A nossa tendência tem sido olhar para o terrorismo jihadista como uma coisa produzida em partes disfuncionais do mundo como o Afeganistão, o Paquistão ou o Médio Oriente, e exportada para países ocidentais. Proteger-nos seria uma questão de nos encerrarmos atrás de muros ou, para a administração Bush, de "ir lá" e tentar resolver o problema na fonte, através da promoção da democracia.
Há contudo razões para pensar que uma fonte crítica do islamismo radical contemporâneo reside não no Médio Oriente, mas na Europa Ocidental. Além de Bouyeri e dos bombistas londrinos, os bombistas do 11 de Março em Madrid e cabecilhas dos ataques de 11 de Setembro como Mohamed Atta radicalizaram-se na Europa. Na Holanda, onde mais de seis por cento da população é muçulmana, há muito radicalismo apesar de o país ser ao mesmo tempo moderno e democrático.
Quando vemos a ideologia islamista contemporânea como uma afirmação dos valores ou da cultura muçulmana tradicional estamos a cometer um profundo erro de compreensão. Num país muçulmano tradicional, a identidade religiosa de cada um não é uma questão de escolha; é recebida, juntamente com o estatuto social, os hábitos e costumes, até o futuro cônjuge, do próprio entorno social. Numa sociedade destas não há confusão sobre quem se é, já que a identidade de cada um é dada e sancionada por todas as instituições da sociedade, da família à mesquita e ao Estado.
O mesmo não é verdade para um muçulmano que vive como imigrante num subúrbio de Amsterdão ou de Paris. De repente, a identidade é uma questão em aberto; existem infinitas escolhas quanto à decisão do ponto a que se quer chegar para atingir a integração na sociedade não muçulmana em redor. No seu livro Globalized Islam, de 2004, o académico francês Olivier Roy defende que esse radicalismo contemporâneo é precisamente o produto da "desterritorialização" do Islão, que priva a identidade muçulmana de todo o apoio que recebe numa sociedade muçulmana tradicional.
O problema de identidade é particularmente grave para imigrantes de segunda ou terceira geração. Crescem fora da cultura tradicional dos pais mas, ao contrário da maior parte dos recém-chegados aos Estados Unidos, são poucos os que se sentem aceites pela sociedade que os rodeia. Os líderes europeus dão pouco relevo à identidade nacional em favor de uma "europeidade" aberta, tolerante, "pós-nacional". Mas holandeses, alemães, franceses e outros mantém todos um forte sentido da sua identidade nacional e, em graus diferentes, ela não é acessível a pessoas que chegam da Turquia, de Marrocos ou do Paquistão. A integração é ainda mais inibida pelo facto de as rígidas leis laborais europeias terem tornado difícil que imigrantes recentes ou os seus filhos encontrem trabalho. Uma proporção significativa de imigrantes vive da segurança social, o que quer dizer que não têm a dignidade de contribuir com o seu trabalho para a sociedade que os rodeia. Eles e os filhos vêm-se como outsiders.

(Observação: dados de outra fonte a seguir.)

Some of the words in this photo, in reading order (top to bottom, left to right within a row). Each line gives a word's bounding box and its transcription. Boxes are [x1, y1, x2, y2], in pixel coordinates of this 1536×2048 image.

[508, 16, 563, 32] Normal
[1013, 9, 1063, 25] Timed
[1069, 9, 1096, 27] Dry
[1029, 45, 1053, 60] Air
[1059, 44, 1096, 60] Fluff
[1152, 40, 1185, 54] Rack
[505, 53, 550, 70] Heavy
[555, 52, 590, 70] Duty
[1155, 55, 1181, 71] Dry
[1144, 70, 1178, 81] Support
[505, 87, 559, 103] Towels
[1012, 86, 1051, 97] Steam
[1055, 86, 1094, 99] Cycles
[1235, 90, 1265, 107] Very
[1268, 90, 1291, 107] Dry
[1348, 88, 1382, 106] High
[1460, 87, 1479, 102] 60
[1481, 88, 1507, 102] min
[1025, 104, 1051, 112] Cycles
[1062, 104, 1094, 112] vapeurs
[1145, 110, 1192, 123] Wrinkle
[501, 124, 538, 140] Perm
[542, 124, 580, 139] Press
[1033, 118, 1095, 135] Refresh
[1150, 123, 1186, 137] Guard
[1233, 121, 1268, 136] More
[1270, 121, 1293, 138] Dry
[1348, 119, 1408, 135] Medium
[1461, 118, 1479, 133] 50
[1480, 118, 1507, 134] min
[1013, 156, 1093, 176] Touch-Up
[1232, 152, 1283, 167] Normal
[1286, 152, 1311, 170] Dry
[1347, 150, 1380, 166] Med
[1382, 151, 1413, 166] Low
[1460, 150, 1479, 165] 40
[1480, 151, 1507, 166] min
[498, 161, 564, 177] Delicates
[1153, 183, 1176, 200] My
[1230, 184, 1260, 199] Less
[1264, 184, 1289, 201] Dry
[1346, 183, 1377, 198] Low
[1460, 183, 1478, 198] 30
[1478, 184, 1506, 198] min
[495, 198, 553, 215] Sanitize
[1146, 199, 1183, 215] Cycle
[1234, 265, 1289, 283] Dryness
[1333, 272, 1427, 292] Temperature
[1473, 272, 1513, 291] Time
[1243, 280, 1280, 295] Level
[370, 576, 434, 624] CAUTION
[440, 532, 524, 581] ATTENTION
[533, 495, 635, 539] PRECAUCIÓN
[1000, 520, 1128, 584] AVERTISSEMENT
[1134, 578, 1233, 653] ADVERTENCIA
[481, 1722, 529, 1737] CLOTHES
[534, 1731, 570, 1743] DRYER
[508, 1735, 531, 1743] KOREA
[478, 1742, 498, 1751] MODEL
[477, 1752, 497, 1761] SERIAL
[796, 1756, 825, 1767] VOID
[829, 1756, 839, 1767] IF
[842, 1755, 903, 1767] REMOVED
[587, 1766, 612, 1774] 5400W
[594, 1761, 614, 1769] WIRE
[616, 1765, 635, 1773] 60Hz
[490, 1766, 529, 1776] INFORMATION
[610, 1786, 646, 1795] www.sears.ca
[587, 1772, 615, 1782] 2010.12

É neste contexto que aparece alguém como Osama bin Laden, a oferecer aos jovens convertidos uma versão pura e universal do Islão, despojada dos seus santos, costumes e tradições locais. O islamismo radical diz-lhes exactamente quem são - membros respeitados de uma umma muçulmana global à qual podem pertencer apesar de viverem em terras de infiéis. A religião já não apoiada, como acontece numa sociedade muçulmana verdadeira, através da conformidade com uma série de costumes e observâncias externas; em vez disso, é mais uma questão de fé interior. Daí a comparação que Olivier Roy faz entre o islamismo moderno e a reforma protestante, que do mesmo modo voltou a religião para o interior do homem e a privou dos seus rituais e apoios sociais externos.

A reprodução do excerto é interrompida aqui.